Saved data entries
........

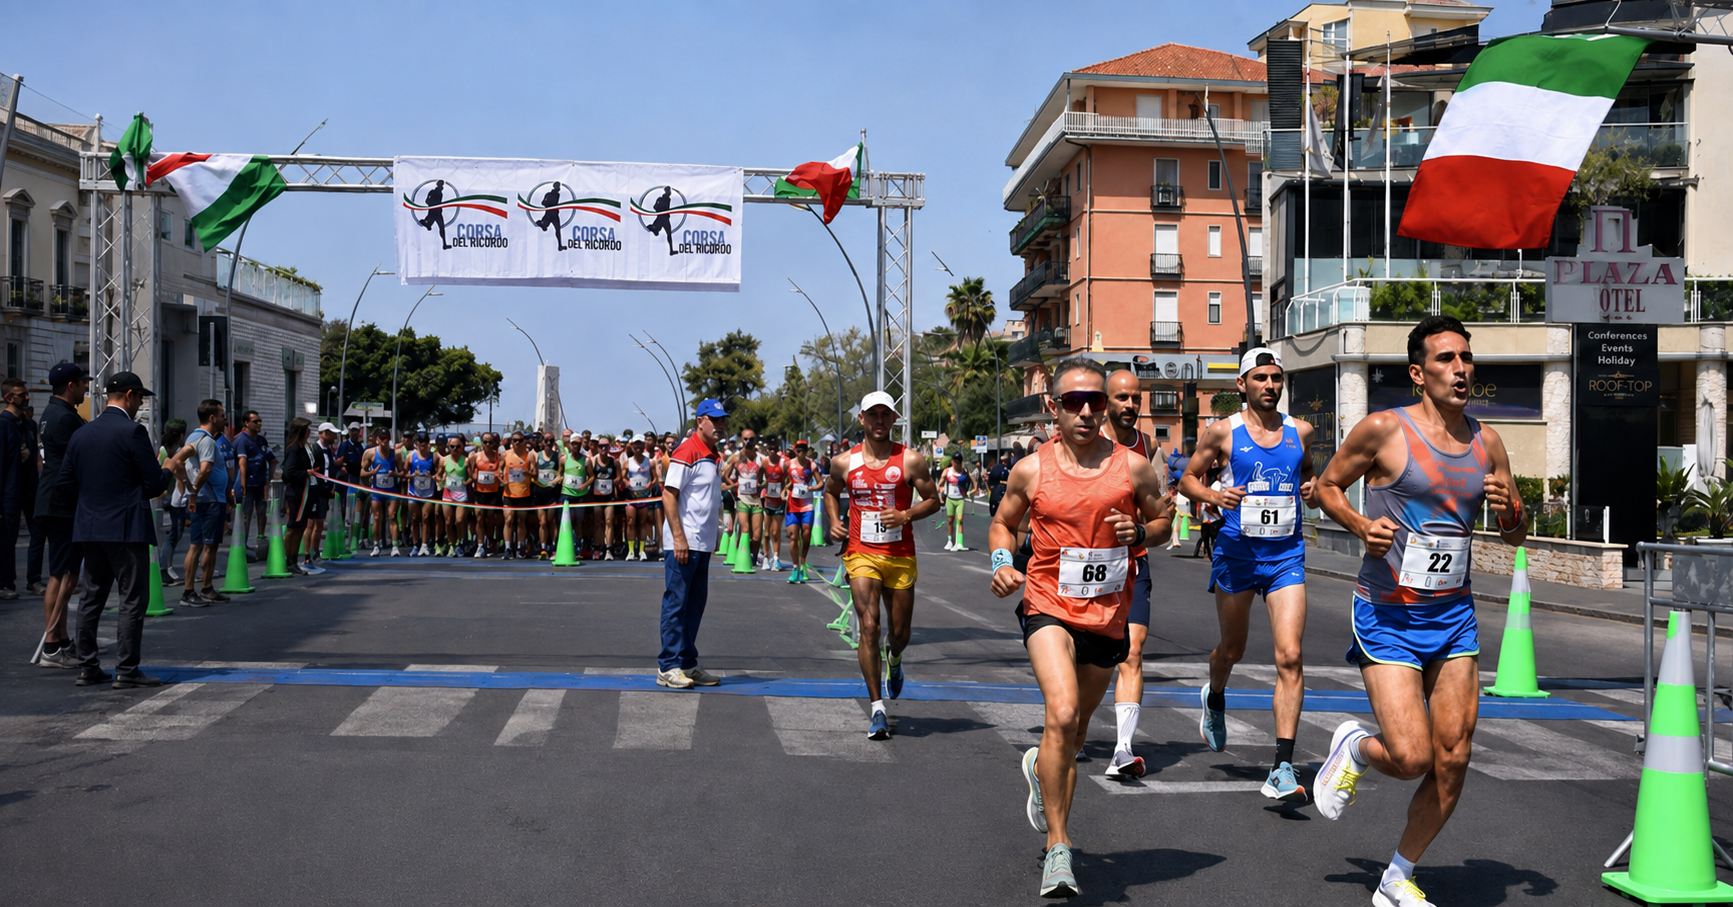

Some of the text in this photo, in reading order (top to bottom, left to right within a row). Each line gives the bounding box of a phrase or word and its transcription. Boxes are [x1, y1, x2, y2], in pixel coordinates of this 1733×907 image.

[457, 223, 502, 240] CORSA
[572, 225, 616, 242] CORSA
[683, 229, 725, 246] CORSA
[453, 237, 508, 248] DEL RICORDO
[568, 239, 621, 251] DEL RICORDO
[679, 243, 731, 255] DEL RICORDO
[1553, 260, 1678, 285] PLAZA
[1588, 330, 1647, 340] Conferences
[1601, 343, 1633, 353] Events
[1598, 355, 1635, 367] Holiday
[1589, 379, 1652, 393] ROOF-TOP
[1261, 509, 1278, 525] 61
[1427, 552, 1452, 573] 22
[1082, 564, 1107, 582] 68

........

**Your assignment:**
Print each entry above verbatim, pictures left out.

**Response:**
Some of the text in this photo, in reading order (top to bottom, left to right within a row). Each line gives the bounding box of a phrase or word and its transcription. Boxes are [x1, y1, x2, y2], in pixel coordinates of this 1733×907 image.

[457, 223, 502, 240] CORSA
[572, 225, 616, 242] CORSA
[683, 229, 725, 246] CORSA
[453, 237, 508, 248] DEL RICORDO
[568, 239, 621, 251] DEL RICORDO
[679, 243, 731, 255] DEL RICORDO
[1553, 260, 1678, 285] PLAZA
[1588, 330, 1647, 340] Conferences
[1601, 343, 1633, 353] Events
[1598, 355, 1635, 367] Holiday
[1589, 379, 1652, 393] ROOF-TOP
[1261, 509, 1278, 525] 61
[1427, 552, 1452, 573] 22
[1082, 564, 1107, 582] 68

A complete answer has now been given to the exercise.